Southeastern Morocco’s desert is among the most arid places in the world and rarely experiences rain in late summer.
The Moroccan government said two days of rainfall in September had exceeded yearly averages in several areas that get an average of less than 250 millimeters (10 inches) annually, including Tata, one of the areas hit hardest. In Tagounite, a village about 450 km (280 miles) south of the capital Rabat, more than 100 mm (3.9 inches) was recorded in a 24-hour period.
The storms provided more rainfall than had been seen in decades, leaving striking images of bountiful water gushing through the Saharan sands amid castles and desert flora.
In desert communities frequented by the many tourists who visit the Sahara, 4x4s motored through the puddles and residents surveyed the scene in awe.
“It’s been 30 to 50 years since we’ve had this much rain in such a short space of time,” said Houssine Youabeb of Morocco’s General Directorate of Meteorology.
Such rains, which meteorologists are calling an extratropical storm, may indeed change the course of the region’s weather in months and years to come as the air retains more moisture, causing more evaporation and drawing more storms, Youabeb said.

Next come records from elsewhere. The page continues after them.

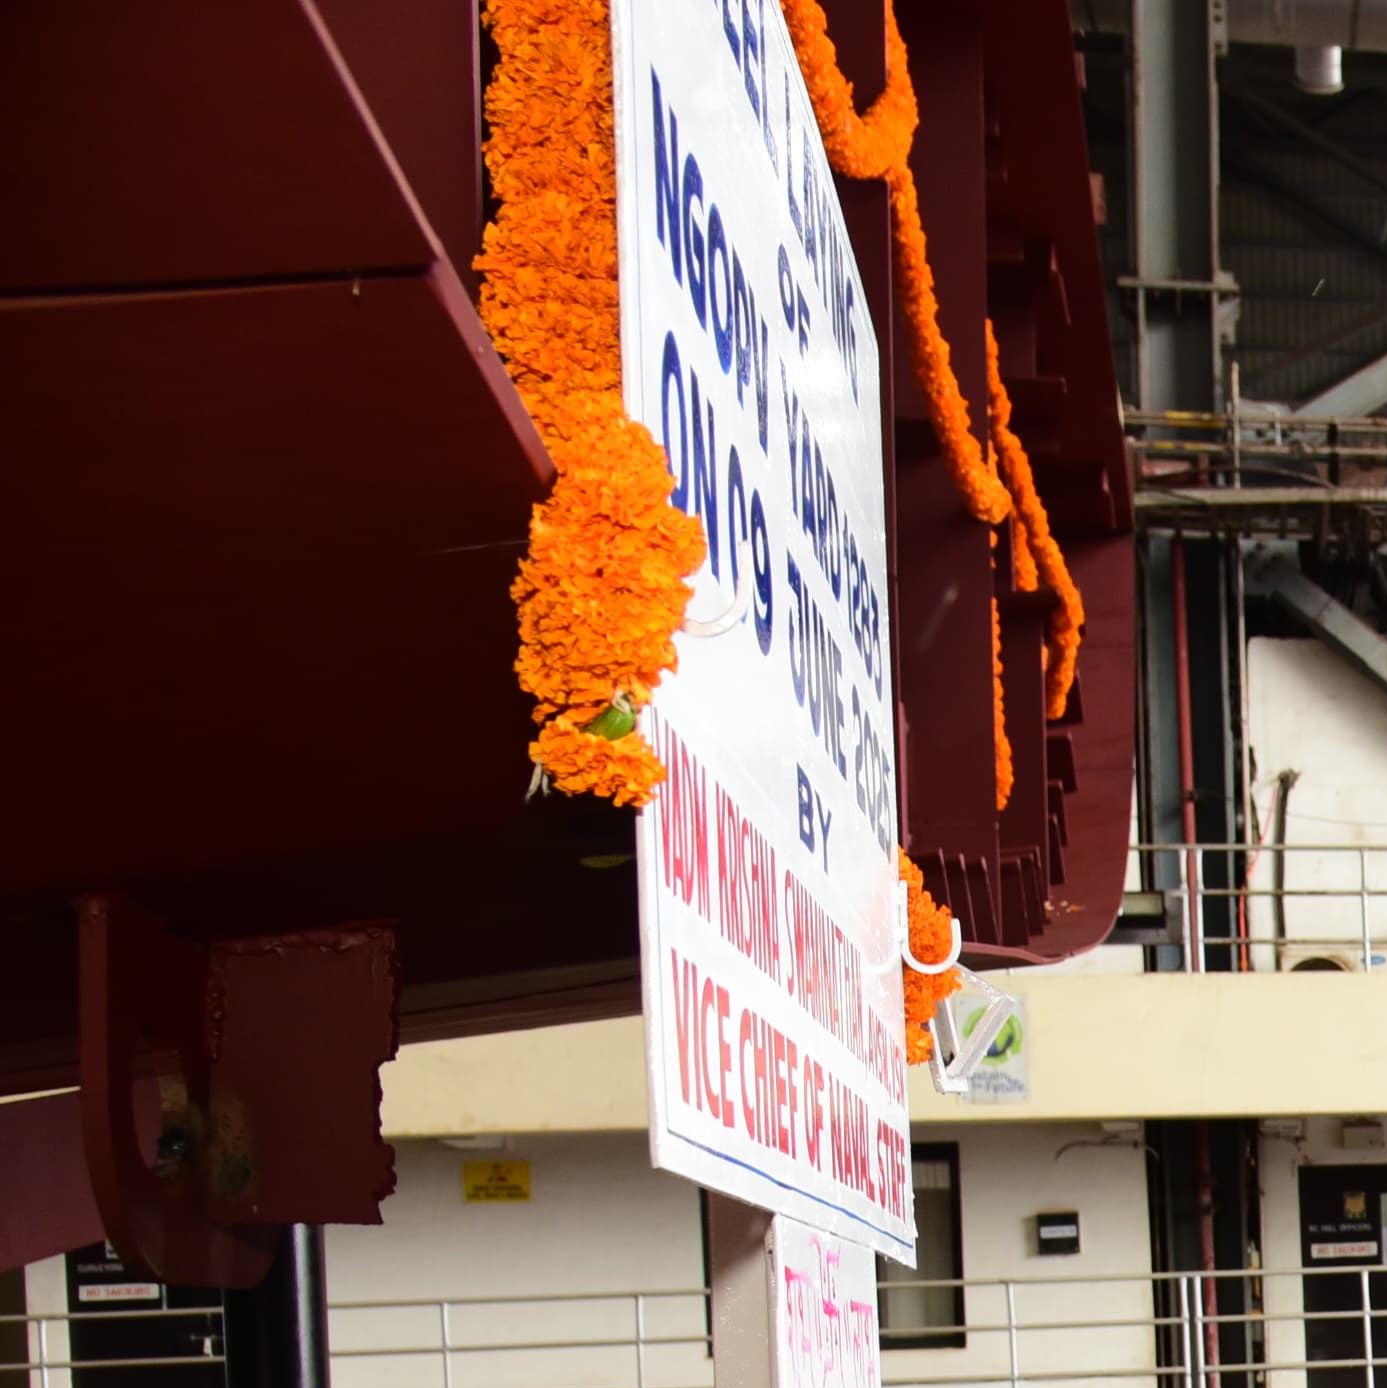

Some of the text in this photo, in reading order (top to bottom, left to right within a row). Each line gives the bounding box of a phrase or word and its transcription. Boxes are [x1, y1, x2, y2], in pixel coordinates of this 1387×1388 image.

[778, 243, 811, 359] OF
[785, 67, 858, 411] LAYING
[650, 62, 884, 702] NGOPV YARD 1283
[662, 331, 721, 585] ON
[786, 547, 848, 782] JUNE
[852, 683, 892, 865] 2025
[654, 706, 711, 924] VADM
[715, 779, 781, 986] KRISHNA
[796, 761, 833, 876] BY
[670, 945, 907, 1225] VICE CHIEF OF NAVAL STAFF

Six consecutive years of drought have posed challenges for much of Morocco, forcing farmers to leave fields fallow and cities and villages to ration water consumption.
The bounty of rainfall will likely help refill the large groundwater aquifers that lie beneath the desert and are relied upon to supply water in desert communities. The region’s dammed reservoirs reported refilling at record rates throughout September. However, it’s unclear how far September’s rains will go toward alleviating drought.
Yet water gushing through the sands and oases left more than 20 dead in Morocco and Algeria and damaged the farmers’ harvests, forcing the government to allocate emergency relief funds, including in some areas affected by last year’s earthquake.
NASA satellites showed water rushing in to fill Lake Iriqui, a famous lakebed between Zagora and Tata that had been dry for 50 years.